What to produce:
Set down the records exactly, and omit any image found in them.

[Collected data]
⟨
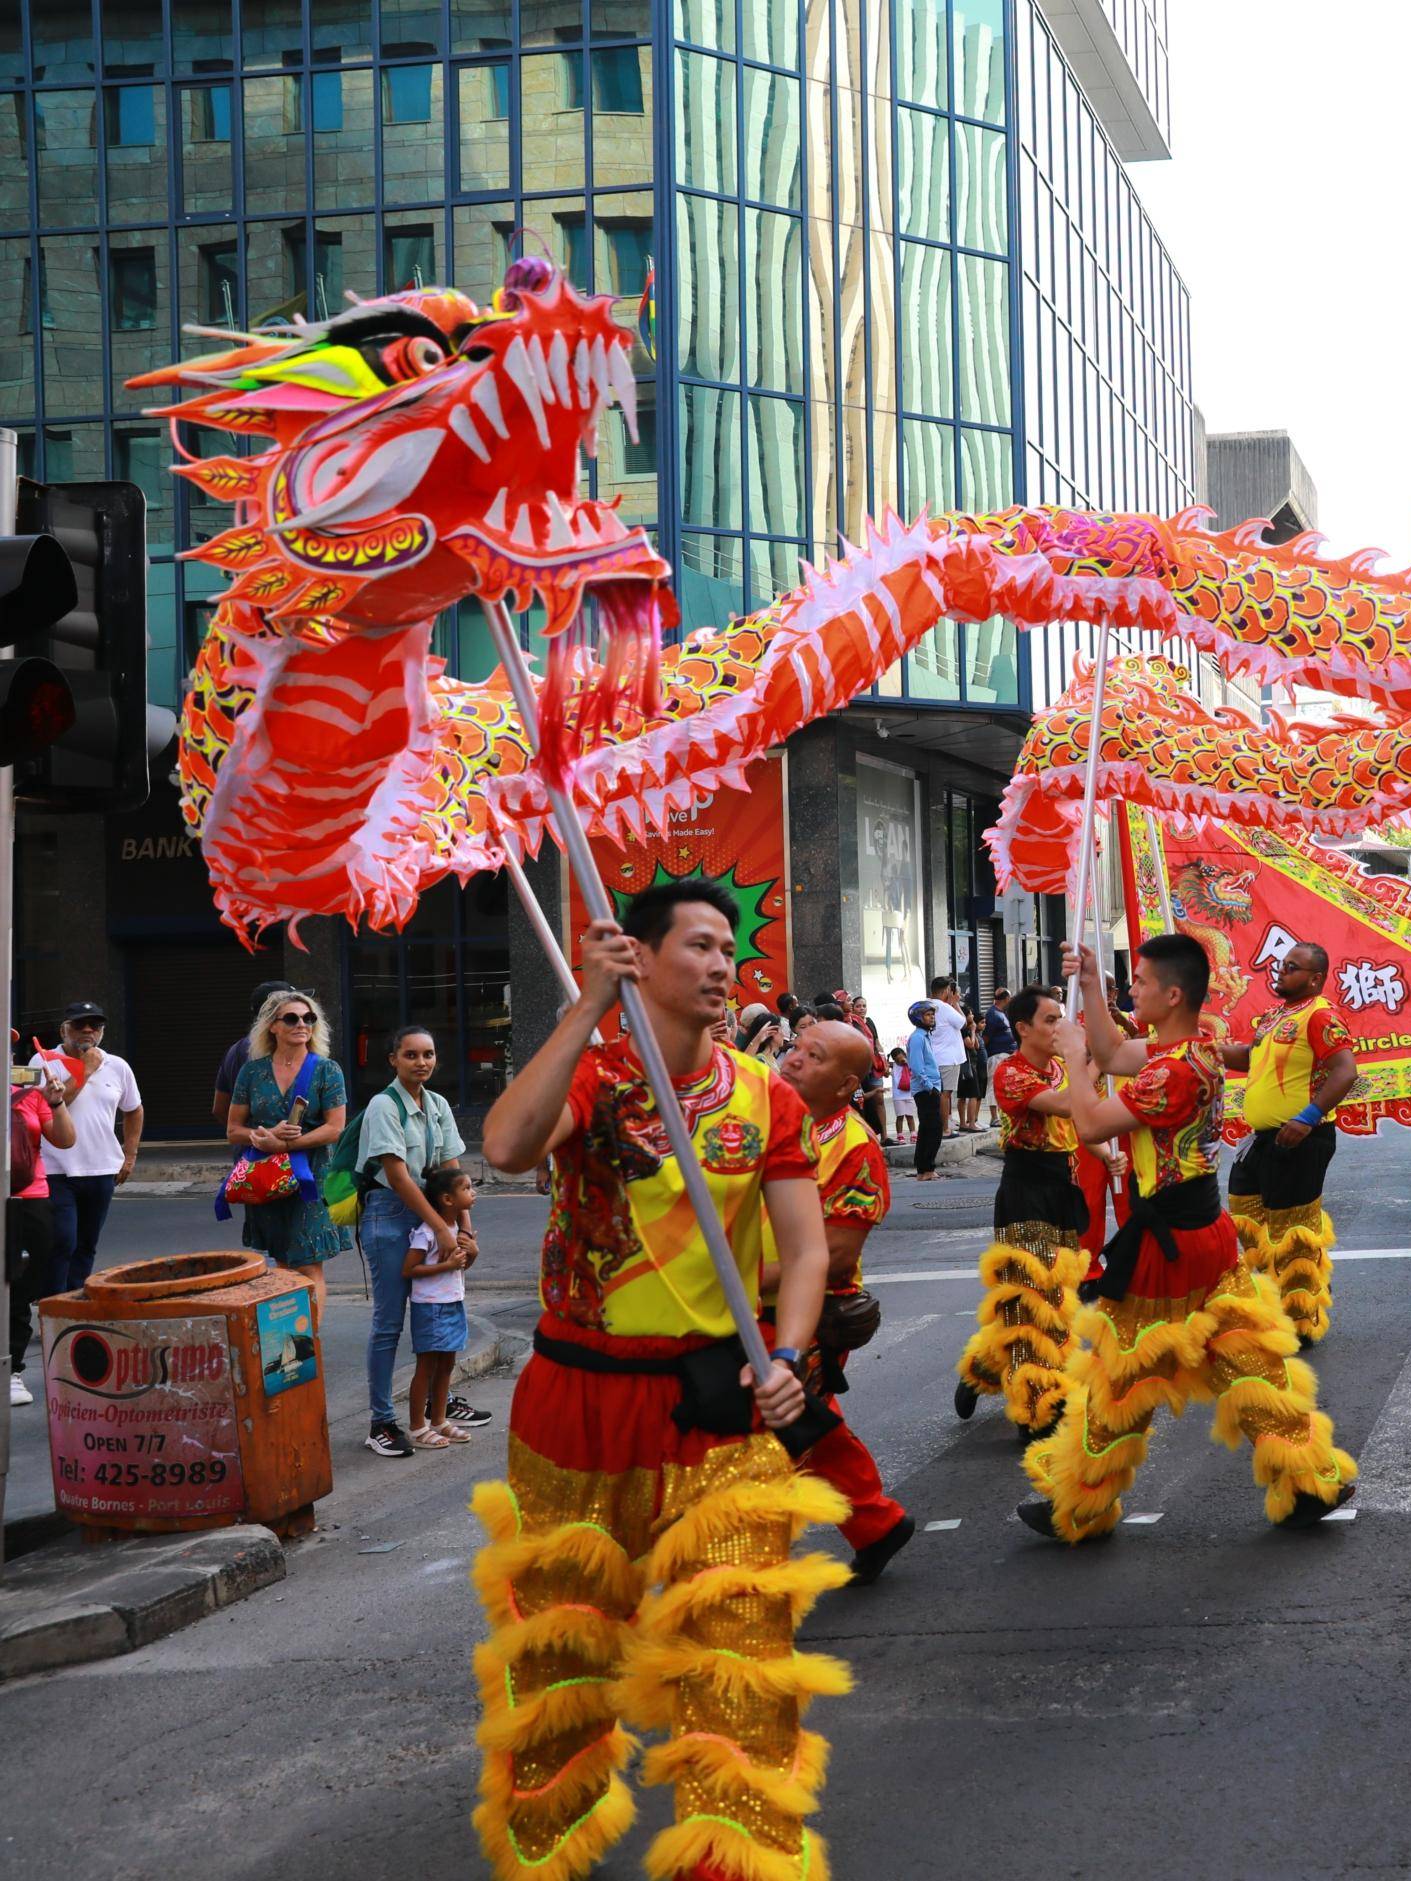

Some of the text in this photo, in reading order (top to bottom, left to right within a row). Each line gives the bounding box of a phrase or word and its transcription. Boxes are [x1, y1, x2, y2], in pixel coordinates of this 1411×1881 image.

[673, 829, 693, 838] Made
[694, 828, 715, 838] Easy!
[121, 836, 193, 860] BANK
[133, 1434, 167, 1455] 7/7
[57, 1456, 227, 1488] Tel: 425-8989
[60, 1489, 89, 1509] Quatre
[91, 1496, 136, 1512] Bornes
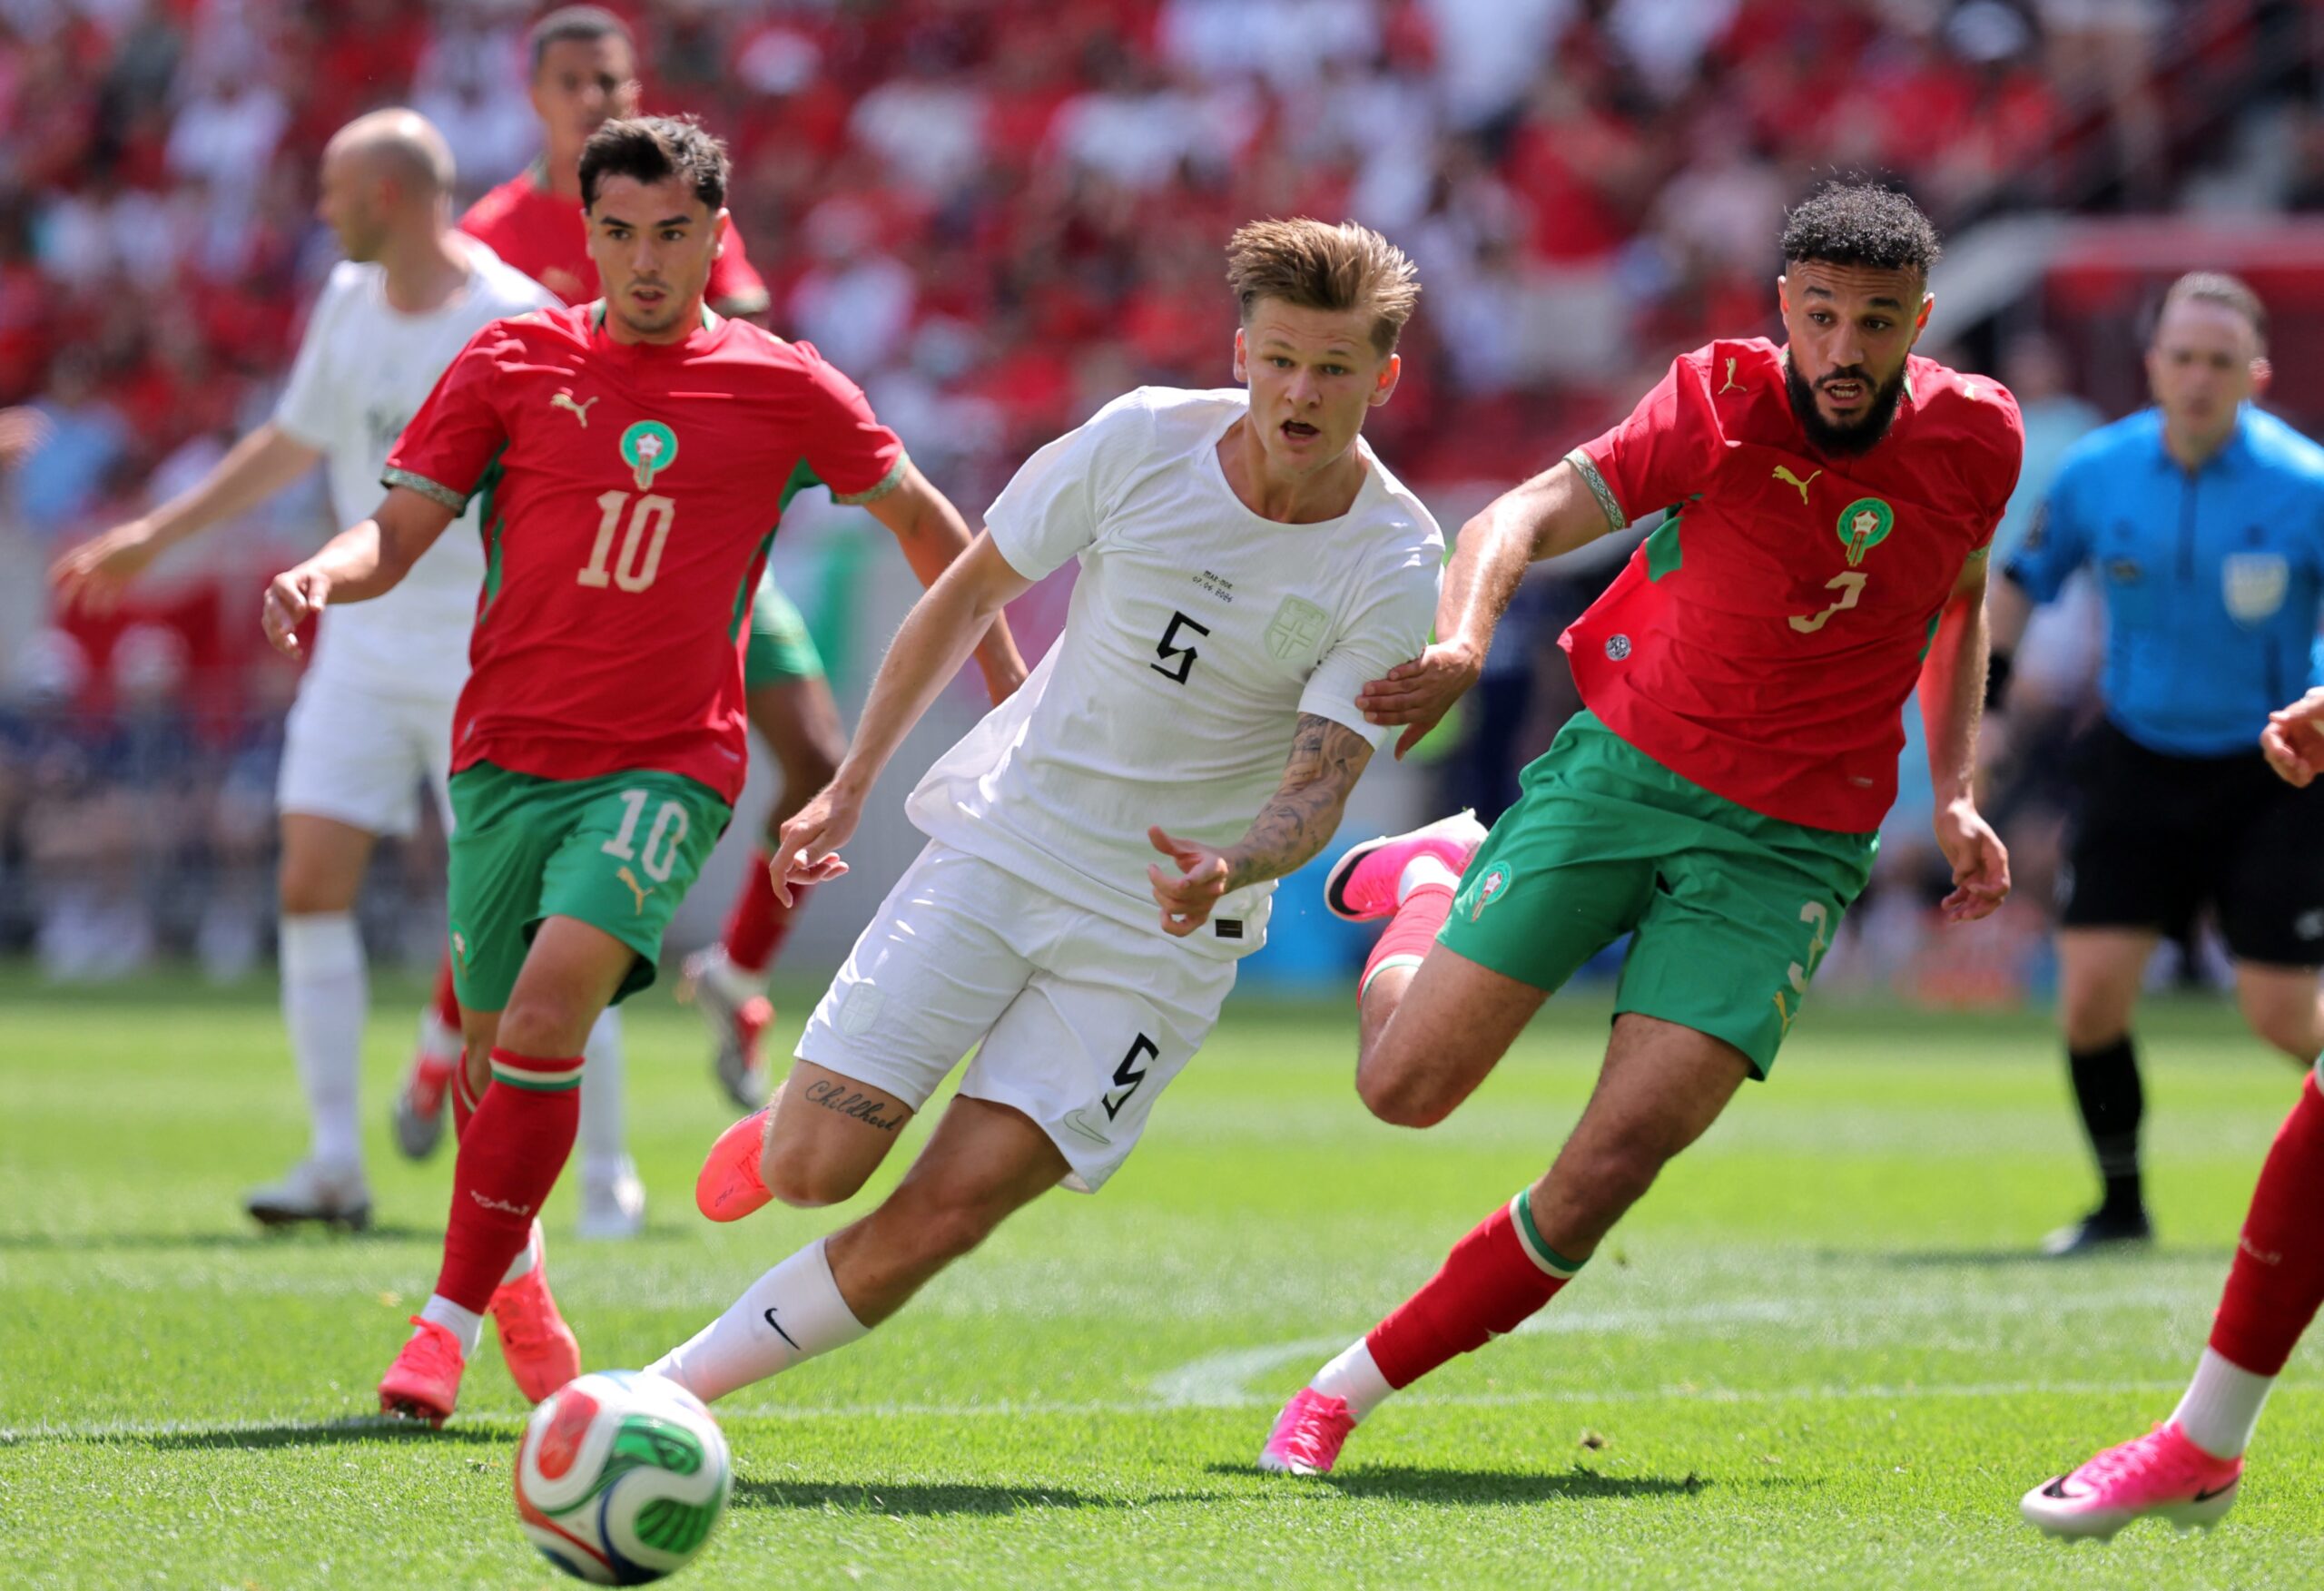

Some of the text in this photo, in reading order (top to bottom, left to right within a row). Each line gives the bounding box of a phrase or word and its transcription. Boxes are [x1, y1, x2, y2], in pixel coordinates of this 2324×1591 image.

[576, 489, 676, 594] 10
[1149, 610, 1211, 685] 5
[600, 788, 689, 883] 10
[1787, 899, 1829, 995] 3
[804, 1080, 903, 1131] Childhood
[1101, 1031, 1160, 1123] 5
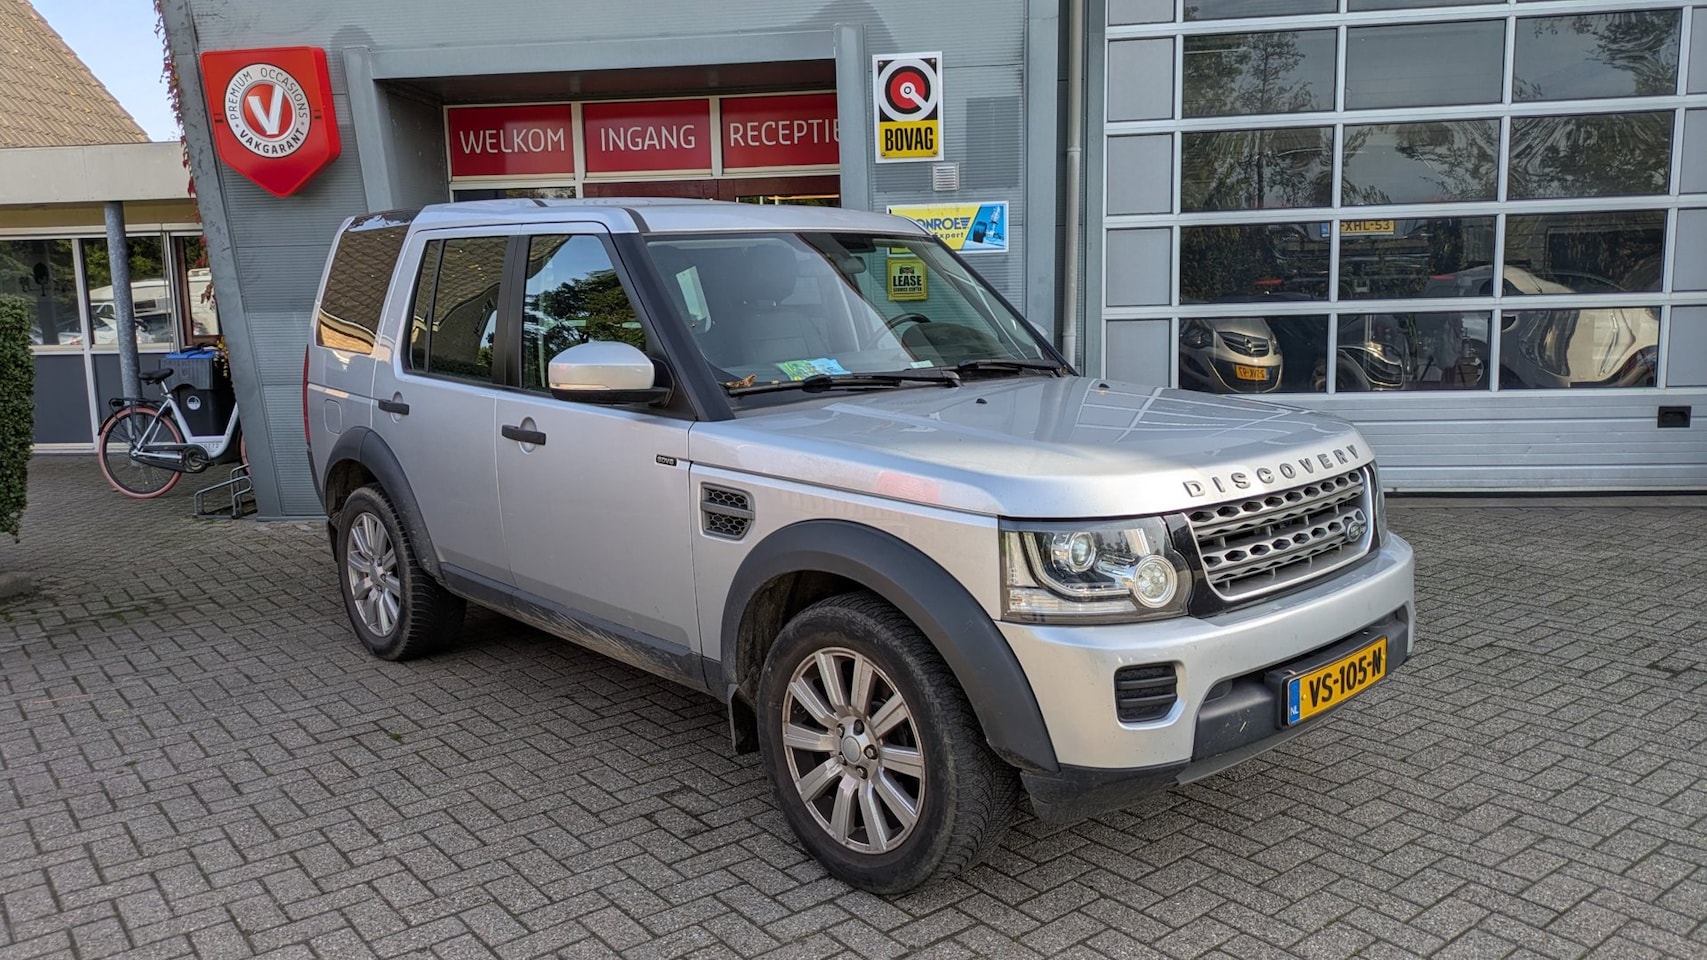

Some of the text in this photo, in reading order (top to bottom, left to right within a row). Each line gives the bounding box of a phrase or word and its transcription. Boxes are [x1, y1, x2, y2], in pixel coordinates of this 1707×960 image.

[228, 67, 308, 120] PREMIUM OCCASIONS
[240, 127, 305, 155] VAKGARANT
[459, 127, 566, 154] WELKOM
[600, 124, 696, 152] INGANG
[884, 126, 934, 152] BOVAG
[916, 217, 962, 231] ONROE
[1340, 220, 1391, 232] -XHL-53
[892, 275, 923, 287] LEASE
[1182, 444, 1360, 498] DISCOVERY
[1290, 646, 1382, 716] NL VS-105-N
⟩
Written answer:
Some of the text in this photo, in reading order (top to bottom, left to right within a row). Each line gives the bounding box of a phrase or word and its transcription. Boxes are [x1, y1, x2, y2], in pixel coordinates of this 1411×1881 image.

[673, 829, 693, 838] Made
[694, 828, 715, 838] Easy!
[121, 836, 193, 860] BANK
[133, 1434, 167, 1455] 7/7
[57, 1456, 227, 1488] Tel: 425-8989
[60, 1489, 89, 1509] Quatre
[91, 1496, 136, 1512] Bornes

Some of the text in this photo, in reading order (top to bottom, left to right within a row). Each line gives the bounding box of a phrase or word and its transcription. Boxes are [x1, y1, x2, y2], in pixel coordinates of this 2324×1591 image.

[576, 489, 676, 594] 10
[1149, 610, 1211, 685] 5
[600, 788, 689, 883] 10
[1787, 899, 1829, 995] 3
[804, 1080, 903, 1131] Childhood
[1101, 1031, 1160, 1123] 5

Some of the text in this photo, in reading order (top to bottom, left to right within a row). Each line gives the bounding box of a phrase or word and its transcription. Boxes are [x1, y1, x2, y2], in pixel coordinates of this 1707×960 image.

[228, 67, 308, 120] PREMIUM OCCASIONS
[240, 127, 305, 155] VAKGARANT
[459, 127, 566, 154] WELKOM
[600, 124, 696, 152] INGANG
[884, 126, 934, 152] BOVAG
[916, 217, 962, 231] ONROE
[1340, 220, 1391, 232] -XHL-53
[892, 275, 923, 287] LEASE
[1182, 444, 1360, 498] DISCOVERY
[1290, 646, 1382, 716] NL VS-105-N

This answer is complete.